Dès 1996, de rappeler M. Schabas, le ministère de la Justice du Rwanda cherchait à recruter des enseignants afin de relancer le programme de baccalauréat en droit dans la seule université existante au pays. À la suite du génocide, le corps professoral se trouvait décimé, plusieurs enseignants ayant été assassinés ou encore impliqués dans les massacres. « Mais il y avait aussi un problème de culture juridique. Il fallait trouver des gens capables d'enseigner, en anglais, le droit civil français. À Montréal, on retrouve des juristes bilingues qui connaissent aussi bien le système français de droit civil que le système anglo-saxon ». Ainsi, en plus de M. Schabas et de chargés de cours du Département des sciences juridiques de l'UQAM, des membres de la profession juridique de Montréal, dont des juges, ont été recrutés afin de donner des cours de droit civil, de droit pénal et même des cours en droit agraire.
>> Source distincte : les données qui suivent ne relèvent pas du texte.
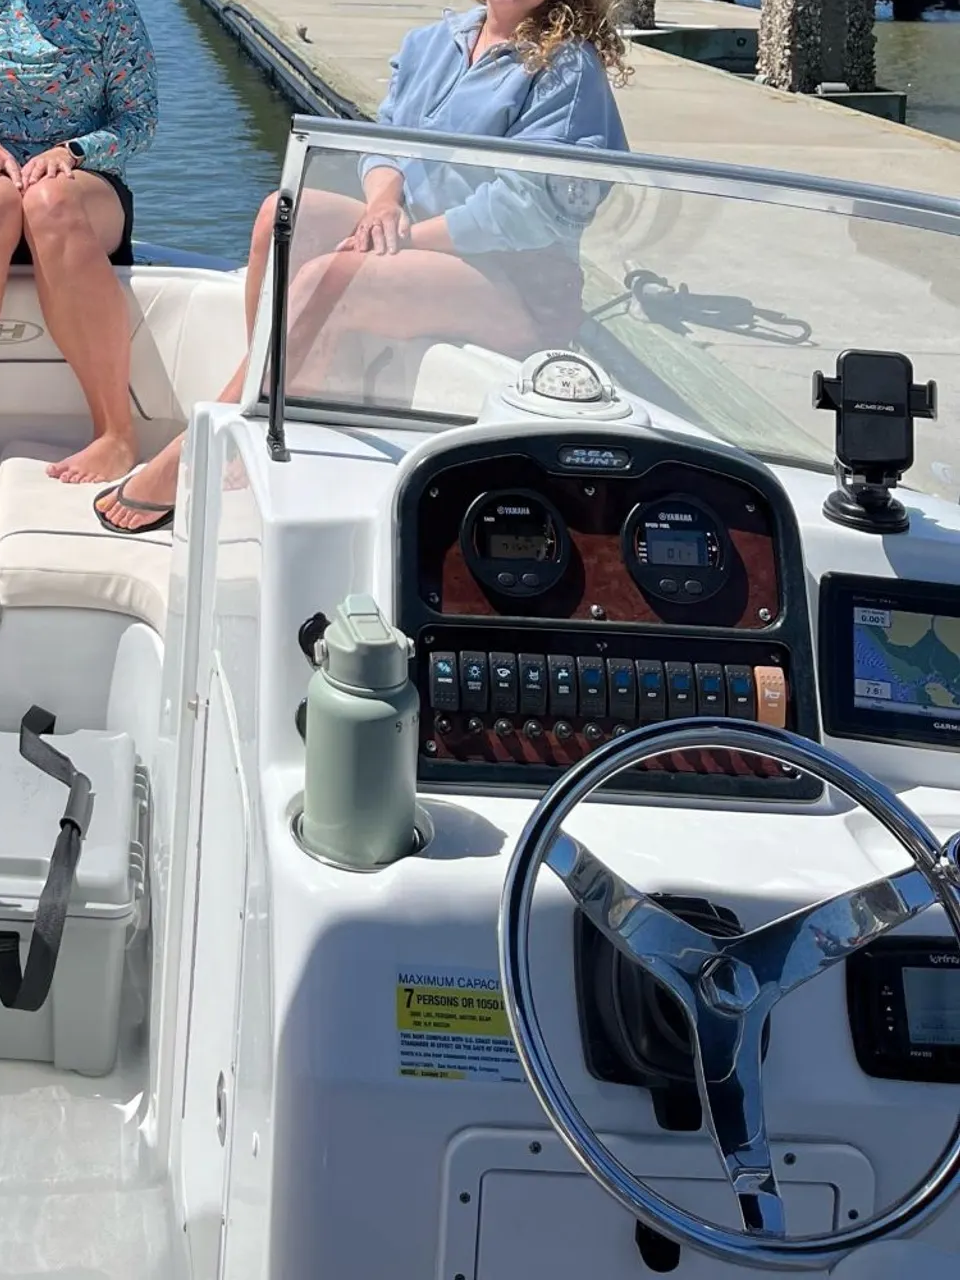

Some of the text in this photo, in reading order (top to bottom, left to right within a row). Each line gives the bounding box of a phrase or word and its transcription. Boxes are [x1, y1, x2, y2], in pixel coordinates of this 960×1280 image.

Comme le fait remarquer William Schabas, « nous faisions plus qu'enseigner, nous étions là aussi pour contribuer à remettre sur pied le système de droit dans son ensemble. Quant aux étudiants rwandais, ils ont une grande soif d'apprendre, éprouvent un sentiment d'urgence et sont très conscients de l'importance de leur rôle dans la reconstruction de la société rwandaise. Le premier jugement du tribunal pénal international sur les crimes du génocide devait être rendu une journée où je donnais un cours. J'ai amené une radio dans la classe et nous avons écouté la lecture du jugement. Puis nous en avons discuté tout l'après-midi. Ce fut passionnant ».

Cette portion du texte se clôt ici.